I think something did not go right in that last commit?

There are a bunch of other interpolation methods in pixman, can you look at those if you have the same issue? (E.g. using BEST)

Sure, I'll try!

Edit: PIXMAN_FILTER_BEST looks similar to PIXMAN_FILTER_BILINEAR to me. PIXMAN_FILTER_NEAREST looks best, but that just snaps to the nearest pixel so is an effective no-op.

To write to tiff based on level 0 has some drawbacks. We would need to handle anti-aliasing ourselves, which is not necessarily very trivial for these images as we’d also need to check against pathologist for quite a range of images I think.

If I remember correctly from looking at the libvips code, libvips also does a simple bicubic resample in the case of a factor-of-two downsample, without further anti-aliasing I think. But I could be wrong about that.

I expect the image quality will end up being better than the interpolation, though. We'd avoid not only the interpolation step, but also artifacts from recompression.

What do you mean exactly about the need to check against pathologists?

Also using it for machine learning can be annoying as we would need to do the same thing during training as inference as we’d now be introducing different artefacts then the original isyntax. That would include a conversion step which I’d rather avoid.

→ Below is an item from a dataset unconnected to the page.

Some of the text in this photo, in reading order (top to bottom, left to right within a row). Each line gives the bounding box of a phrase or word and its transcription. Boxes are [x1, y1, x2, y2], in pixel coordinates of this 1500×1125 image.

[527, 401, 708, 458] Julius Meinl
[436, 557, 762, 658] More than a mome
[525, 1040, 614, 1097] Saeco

Well, yes of course, iSyntax and TIFF are different compression schemes so each naturally have their own different artefacts. At some level this cannot be avoided. The common factor is still the underlying uncompressed image - the question is how to best represent that in all the levels with minimal loss in information content.

Naturally, downsampling from level 0 is not feasible for quick random access, so I I think I get what you're saying - it's not great for reproducibility of results in case you want to use the formats interchangably between various use case with minimal differences between them. But in that case I would also consider to use the 'least worst' whole number offsets, without interpolation (my thinking being: quality of the input image data will be most important in affecting any ML result, relative to subpixel offset differences which may be negligible for most ML workloads).

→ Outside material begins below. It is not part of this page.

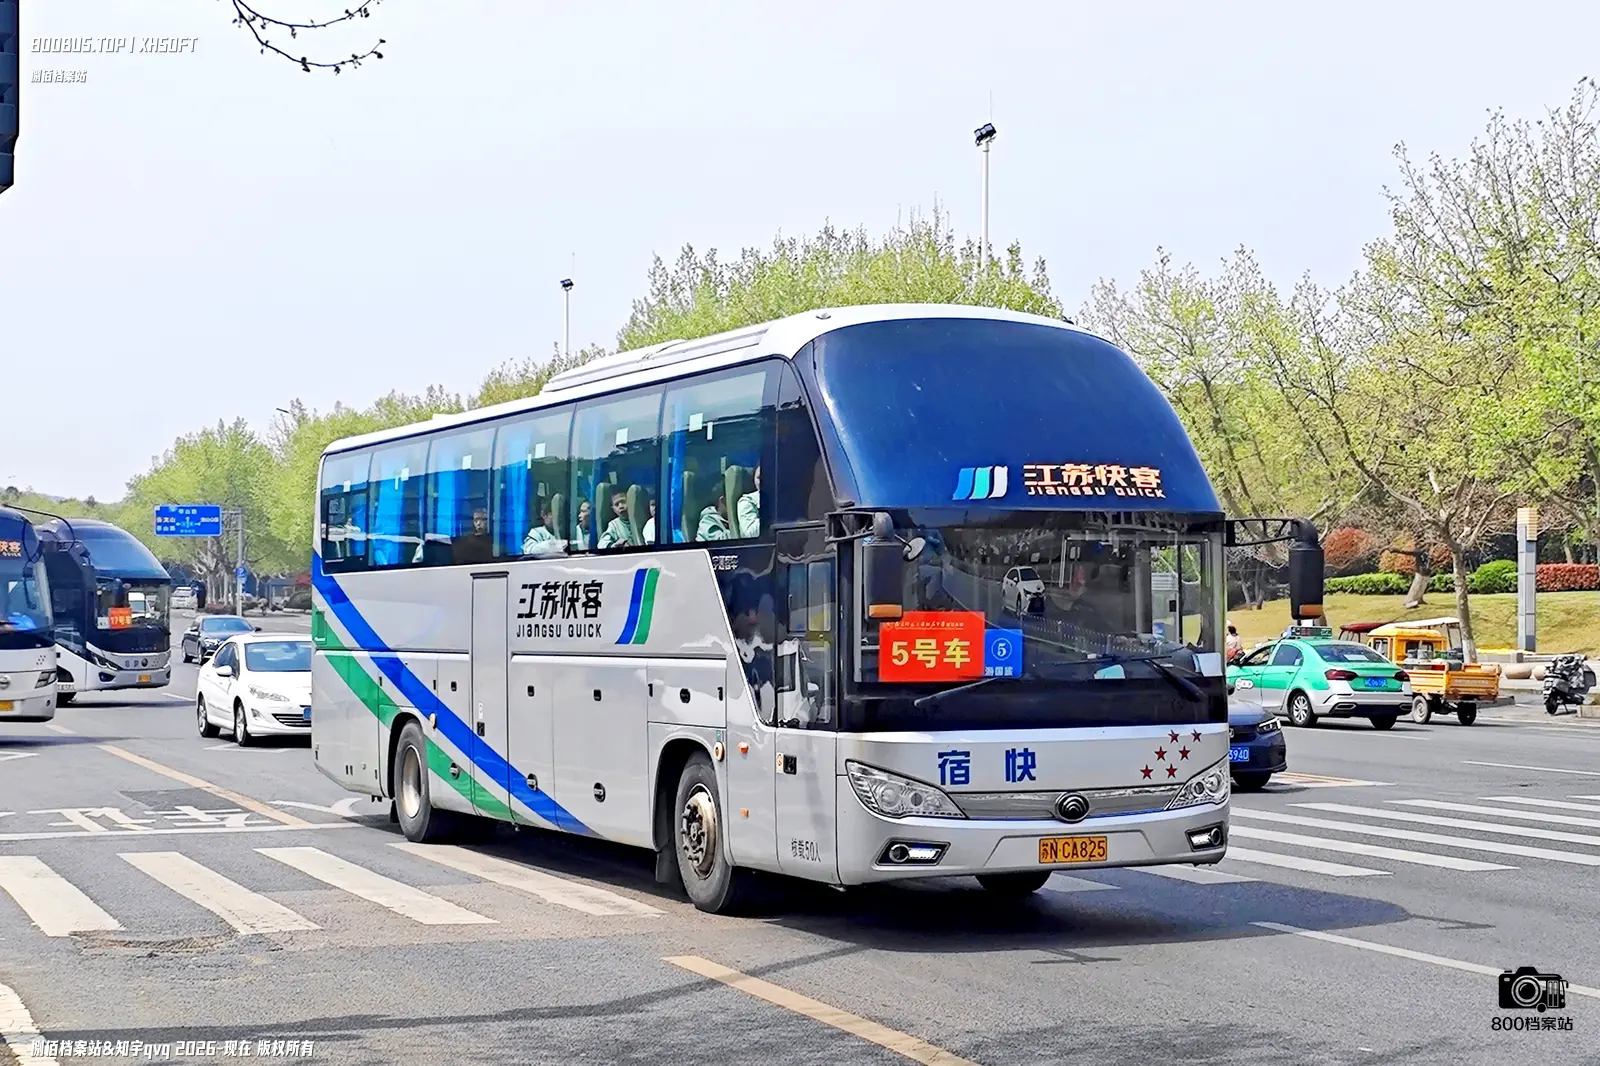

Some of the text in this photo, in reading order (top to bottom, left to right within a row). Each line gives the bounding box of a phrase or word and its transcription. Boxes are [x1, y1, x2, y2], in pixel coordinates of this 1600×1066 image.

At least, interpolation should be an opt-in feature, not the default, I think. That said, sure, I can live with it :)

We typically use interpolation as we look at intermediate levels in the pyramid too.

True, but then it's sampled from the original pixels (so it's one less potentially information-losing step).

that it looks less crisp is probably due to the low-pass filter effect of bilinear interpolation. I don’t think pixman supports higher order interpolation methods, might need to use a different library for that (or indeed write it ourselves)

Also, probably some degree of information loss is unavoidable, we cannot sample from in-between pixels that are not there.

So this might be a good compromise? Need to implement it so you can check the quality of the images. We have a few options (3,4,5) to try.

Sounds good to me!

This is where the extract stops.